Electrical and Optical Properties of G-Gan/al0.5ga0.5n 2D/3D Heterojunction under Surface Oxidation Via First-Principles

In this paper, the structural stability, charge transfer, band structure, density of states, absorption coefficient and reflectivity of g-GaN/Al0.5Ga0.5N heterojunction after surface oxidation are investigated. Our results reveal that formation energy of adsorptive oxidation process is negative and the oxidized surface can be formed spontaneously. The substitutional oxidation process is heat-absorbing and structure is unstable, which is not easy to occur. Band structure show that new energy levels are created due to charge transfer between O atom and heterojunction after surface oxidation. The electronic states of O-p orbitals hybridize with those of Ga-s, Ga-p, and Al-p orbitals, while O-s orbitals affect energy levels at low-energy end. Meanwhile, work function of heterojunction increases after oxidation, weakening electron emission properties of material surface.
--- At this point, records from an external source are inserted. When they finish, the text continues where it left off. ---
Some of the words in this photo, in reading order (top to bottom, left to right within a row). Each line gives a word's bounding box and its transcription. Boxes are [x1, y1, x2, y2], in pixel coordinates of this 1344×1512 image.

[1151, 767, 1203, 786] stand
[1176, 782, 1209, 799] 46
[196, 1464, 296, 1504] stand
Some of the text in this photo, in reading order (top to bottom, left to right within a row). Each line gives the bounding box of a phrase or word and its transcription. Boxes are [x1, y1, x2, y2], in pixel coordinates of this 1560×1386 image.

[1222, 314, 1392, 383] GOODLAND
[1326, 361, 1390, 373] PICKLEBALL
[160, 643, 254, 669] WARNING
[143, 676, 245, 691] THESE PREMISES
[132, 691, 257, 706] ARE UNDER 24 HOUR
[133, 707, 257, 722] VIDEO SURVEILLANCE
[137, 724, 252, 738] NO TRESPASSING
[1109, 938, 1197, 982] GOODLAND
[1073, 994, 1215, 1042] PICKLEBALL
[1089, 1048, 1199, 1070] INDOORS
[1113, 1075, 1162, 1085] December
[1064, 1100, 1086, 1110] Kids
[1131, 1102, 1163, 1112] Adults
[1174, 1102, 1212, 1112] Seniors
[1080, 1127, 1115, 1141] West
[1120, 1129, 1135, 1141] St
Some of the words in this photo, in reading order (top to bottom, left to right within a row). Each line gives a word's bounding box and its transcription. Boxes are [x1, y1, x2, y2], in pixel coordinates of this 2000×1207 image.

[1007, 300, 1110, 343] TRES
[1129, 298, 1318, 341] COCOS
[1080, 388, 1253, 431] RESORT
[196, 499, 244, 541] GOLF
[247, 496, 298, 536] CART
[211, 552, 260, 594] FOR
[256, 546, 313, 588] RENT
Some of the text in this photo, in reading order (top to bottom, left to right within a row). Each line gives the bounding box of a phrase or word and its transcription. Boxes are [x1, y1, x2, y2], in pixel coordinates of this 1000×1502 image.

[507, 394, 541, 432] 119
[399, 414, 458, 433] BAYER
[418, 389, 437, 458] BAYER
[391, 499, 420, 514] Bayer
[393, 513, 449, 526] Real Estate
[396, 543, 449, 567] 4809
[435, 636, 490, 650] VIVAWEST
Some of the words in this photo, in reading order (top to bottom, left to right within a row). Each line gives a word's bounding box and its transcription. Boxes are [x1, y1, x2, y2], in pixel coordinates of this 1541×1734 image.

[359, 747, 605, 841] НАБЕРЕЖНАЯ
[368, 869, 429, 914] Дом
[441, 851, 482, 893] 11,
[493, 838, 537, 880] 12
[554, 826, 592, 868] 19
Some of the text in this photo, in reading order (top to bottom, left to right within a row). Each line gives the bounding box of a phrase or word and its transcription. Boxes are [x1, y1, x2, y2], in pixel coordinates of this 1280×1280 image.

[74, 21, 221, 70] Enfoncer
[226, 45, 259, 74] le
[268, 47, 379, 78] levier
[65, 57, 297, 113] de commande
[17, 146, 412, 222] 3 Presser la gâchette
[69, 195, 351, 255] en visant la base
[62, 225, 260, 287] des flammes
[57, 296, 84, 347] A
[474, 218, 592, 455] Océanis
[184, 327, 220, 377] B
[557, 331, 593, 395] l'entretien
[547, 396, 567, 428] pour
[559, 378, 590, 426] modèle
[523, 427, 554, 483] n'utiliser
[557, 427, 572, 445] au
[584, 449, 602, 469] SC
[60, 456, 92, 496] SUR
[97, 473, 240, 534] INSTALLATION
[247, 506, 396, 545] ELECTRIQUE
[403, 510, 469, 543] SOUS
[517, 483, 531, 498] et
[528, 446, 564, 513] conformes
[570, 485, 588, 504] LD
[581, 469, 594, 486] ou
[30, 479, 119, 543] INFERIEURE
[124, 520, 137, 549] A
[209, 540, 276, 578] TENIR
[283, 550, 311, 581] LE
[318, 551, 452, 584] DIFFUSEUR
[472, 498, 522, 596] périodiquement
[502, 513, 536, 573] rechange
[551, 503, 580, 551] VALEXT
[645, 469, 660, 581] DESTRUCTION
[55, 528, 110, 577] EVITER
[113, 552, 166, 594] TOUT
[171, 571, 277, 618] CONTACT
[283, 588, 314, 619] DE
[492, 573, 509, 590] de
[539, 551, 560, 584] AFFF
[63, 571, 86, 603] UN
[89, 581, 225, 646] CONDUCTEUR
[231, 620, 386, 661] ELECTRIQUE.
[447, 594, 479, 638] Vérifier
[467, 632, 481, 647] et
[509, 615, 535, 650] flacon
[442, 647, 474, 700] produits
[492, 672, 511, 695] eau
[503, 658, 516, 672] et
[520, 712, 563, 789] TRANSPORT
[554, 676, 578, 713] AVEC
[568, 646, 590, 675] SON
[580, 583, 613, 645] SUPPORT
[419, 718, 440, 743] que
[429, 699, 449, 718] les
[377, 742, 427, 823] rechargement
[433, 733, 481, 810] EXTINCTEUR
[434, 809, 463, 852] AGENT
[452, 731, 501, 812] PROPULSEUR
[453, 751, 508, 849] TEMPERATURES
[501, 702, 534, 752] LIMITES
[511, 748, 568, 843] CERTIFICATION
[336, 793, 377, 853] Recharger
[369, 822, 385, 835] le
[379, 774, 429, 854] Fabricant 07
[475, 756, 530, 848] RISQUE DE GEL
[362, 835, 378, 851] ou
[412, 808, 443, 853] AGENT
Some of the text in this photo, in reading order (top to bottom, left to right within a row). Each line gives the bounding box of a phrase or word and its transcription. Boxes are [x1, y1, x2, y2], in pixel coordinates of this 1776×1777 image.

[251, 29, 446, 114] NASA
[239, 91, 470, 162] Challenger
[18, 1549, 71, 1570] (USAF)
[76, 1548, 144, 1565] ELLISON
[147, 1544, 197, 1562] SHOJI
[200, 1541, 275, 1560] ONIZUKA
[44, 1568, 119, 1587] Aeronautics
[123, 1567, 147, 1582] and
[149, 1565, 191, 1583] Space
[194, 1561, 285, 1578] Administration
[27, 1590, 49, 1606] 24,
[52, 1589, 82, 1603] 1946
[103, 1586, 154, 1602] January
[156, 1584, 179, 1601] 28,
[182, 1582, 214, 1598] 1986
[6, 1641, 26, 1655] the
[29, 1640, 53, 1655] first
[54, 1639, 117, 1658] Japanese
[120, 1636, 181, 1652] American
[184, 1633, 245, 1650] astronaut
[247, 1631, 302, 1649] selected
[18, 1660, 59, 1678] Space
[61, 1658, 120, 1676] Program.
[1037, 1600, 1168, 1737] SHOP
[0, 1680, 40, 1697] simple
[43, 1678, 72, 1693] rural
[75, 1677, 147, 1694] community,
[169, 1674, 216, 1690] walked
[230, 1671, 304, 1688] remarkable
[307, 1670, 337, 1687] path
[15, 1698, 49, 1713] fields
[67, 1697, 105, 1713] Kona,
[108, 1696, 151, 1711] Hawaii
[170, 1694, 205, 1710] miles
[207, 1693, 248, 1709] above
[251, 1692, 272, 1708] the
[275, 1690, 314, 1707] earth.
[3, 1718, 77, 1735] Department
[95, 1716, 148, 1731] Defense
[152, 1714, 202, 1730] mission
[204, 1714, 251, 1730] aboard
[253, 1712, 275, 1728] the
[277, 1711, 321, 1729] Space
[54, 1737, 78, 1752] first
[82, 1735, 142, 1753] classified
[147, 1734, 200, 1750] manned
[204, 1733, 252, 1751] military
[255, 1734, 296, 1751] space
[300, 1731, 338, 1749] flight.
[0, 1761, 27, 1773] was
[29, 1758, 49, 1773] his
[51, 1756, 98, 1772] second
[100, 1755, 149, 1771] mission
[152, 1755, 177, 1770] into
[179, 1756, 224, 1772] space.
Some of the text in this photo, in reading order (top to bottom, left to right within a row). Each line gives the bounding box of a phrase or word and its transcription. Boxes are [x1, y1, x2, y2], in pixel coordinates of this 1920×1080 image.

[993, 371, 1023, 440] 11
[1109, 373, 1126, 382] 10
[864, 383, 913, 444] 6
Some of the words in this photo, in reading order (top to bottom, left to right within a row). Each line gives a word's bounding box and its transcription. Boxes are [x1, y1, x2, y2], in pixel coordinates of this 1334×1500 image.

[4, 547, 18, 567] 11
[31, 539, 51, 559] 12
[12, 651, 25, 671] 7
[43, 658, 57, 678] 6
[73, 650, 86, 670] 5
The results of optical properties illustrate that substitutional oxidation is detrimental to light absorption, while adsorption oxidation slightly enhances light absorption, especially when adsorption oxidation occurs in g-GaN layer, which is competitive for improvement of optical properties. This study can be useful for the removal of surface oxides from g-GaN/AlGaN heterojunction.